Strength Basics

Getting stronger, fitter, and healthier by sticking to the basics. It's not rocket science, it's doing the simple stuff the right way. Strength-Basics updates every Monday, plus extra posts during the week.

Monday, April 4, 2016

How I use Active Recovery workouts

Can light exercise speed up your recovery?

Anecdotally, I've found that light cardio seems to help myself, and my clients, recover from workouts.

I generally train people using a High/Low system - train hard, or train lightly. No medium days - either it's strenuous or it's easy.* Days off fall into the "easy" days. So does this kind of cardio.

What I have people do is do anywhere from 10-30 minutes of light movement. Enough to get the heart rate up to 120-130, but not higher. Enough to get a little bit of a sweat going, and enough to feel some light effort. But nothing strenuous enough that it's hard to speak, you're huffing and puffing to get air, or your muscles feel significant exertion. At most, you want to be working at around 40% of your maximum resistance, reps, weight, time, etc.

What I typically use:

- light cardio. Any machine or just going out for a walk or a light jog. Go for a bike ride. Stop and smell the roses.
- yoga, especially in a low-intensity class. No "hot yoga" or strenuous work - just moving.
- movement practice (martial arts kata, tai chi, mobility drills)
- light bodyweight exercises (for the already very in shape), done at a slow pace with lots of rest.
- pushing a sled with 20-40% of the usual resistance you use.

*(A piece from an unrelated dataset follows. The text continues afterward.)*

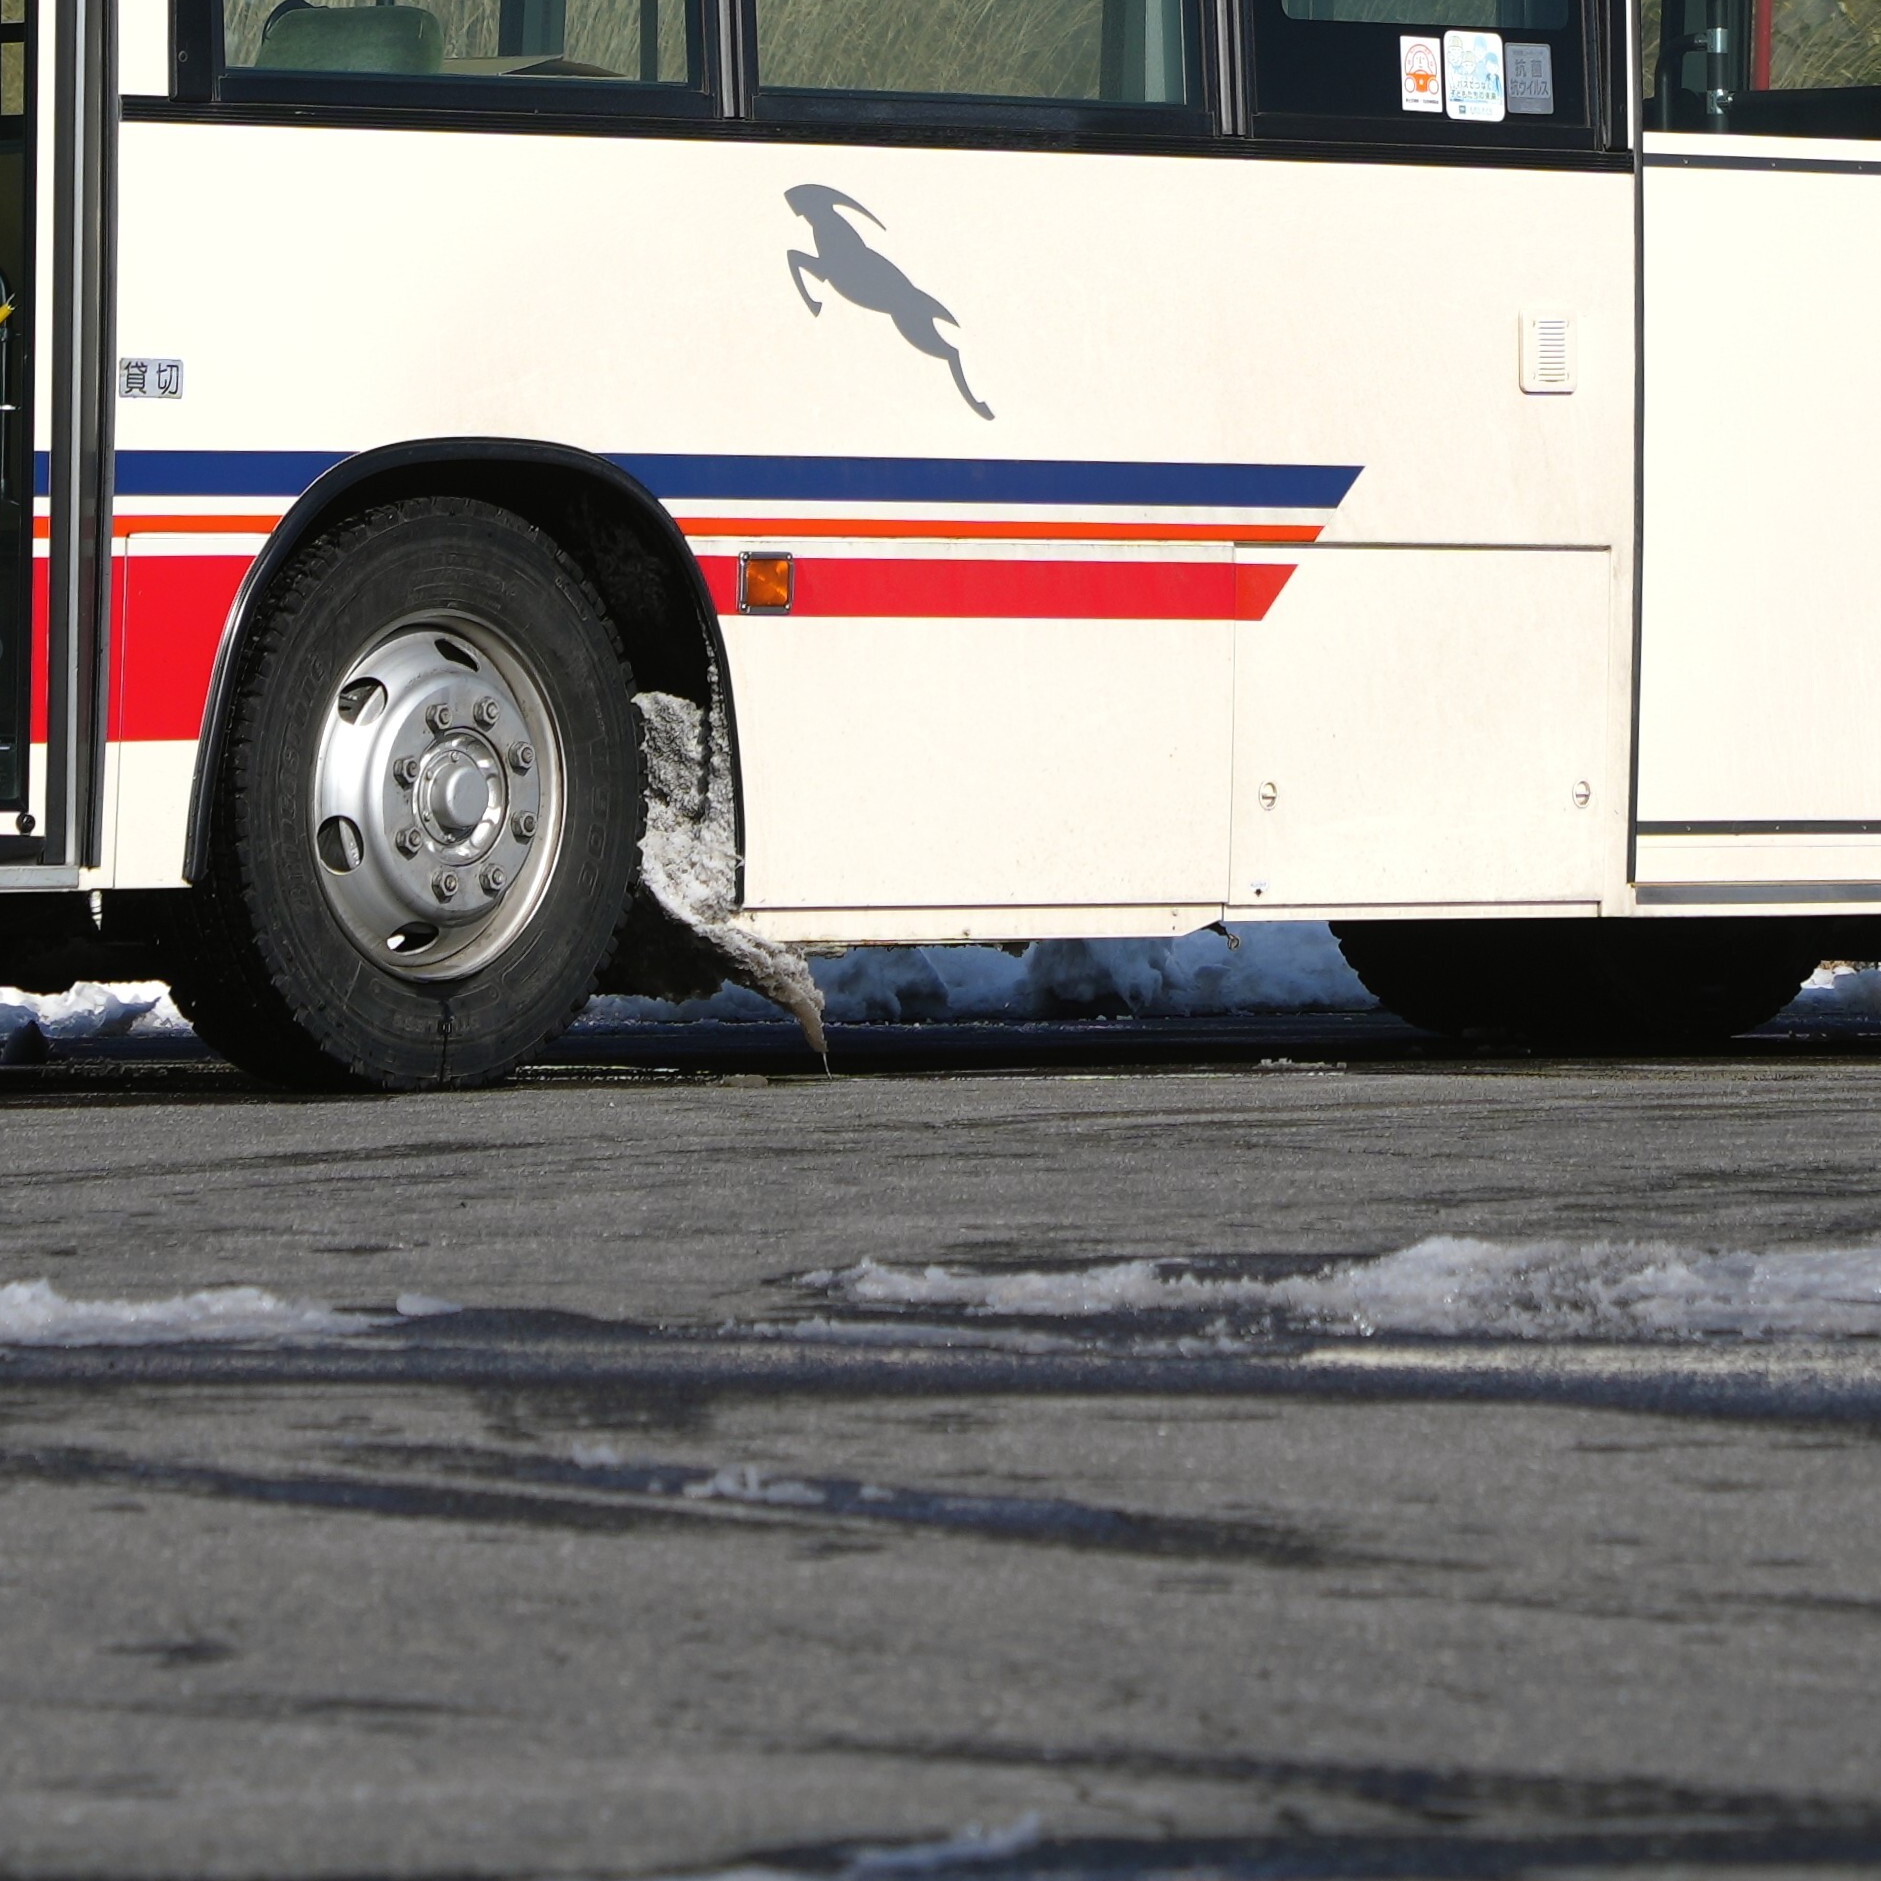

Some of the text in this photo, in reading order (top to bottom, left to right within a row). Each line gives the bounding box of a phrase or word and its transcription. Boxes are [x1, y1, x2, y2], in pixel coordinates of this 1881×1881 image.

[1515, 58, 1543, 78] 抗菌
[1510, 78, 1549, 96] 抗ウイルス
[124, 361, 179, 395] 貸切

The goal is to get more blood flow to the muscles, work very lightly in a full range of motion, and keep moving.

You aren't trying to get stronger, push yourself, or burn fat. If you can't help doing that, it's better to just take the day off. This isn't high-frequency training, it's active recovery.

I've found this seems to reduce DOMS (delayed onset muscle soreness), over the long haul improve your movement and work capacity, and speed up your recovery. Clients complain less of stiffness. Also, it has the benefit of allowing you to make exercise and movement a daily habit, not just something you do hard a few times a week.

If you tend to be stiff and tired and sore after workouts, try this approach on the day after. It might work for you, too.


* If someone isn't up to a "high" or "hard" workout, I'll drop down the intensity and volume. In that case, it might be a "medium" workout. But I'll precede it and follow it with a light workout day.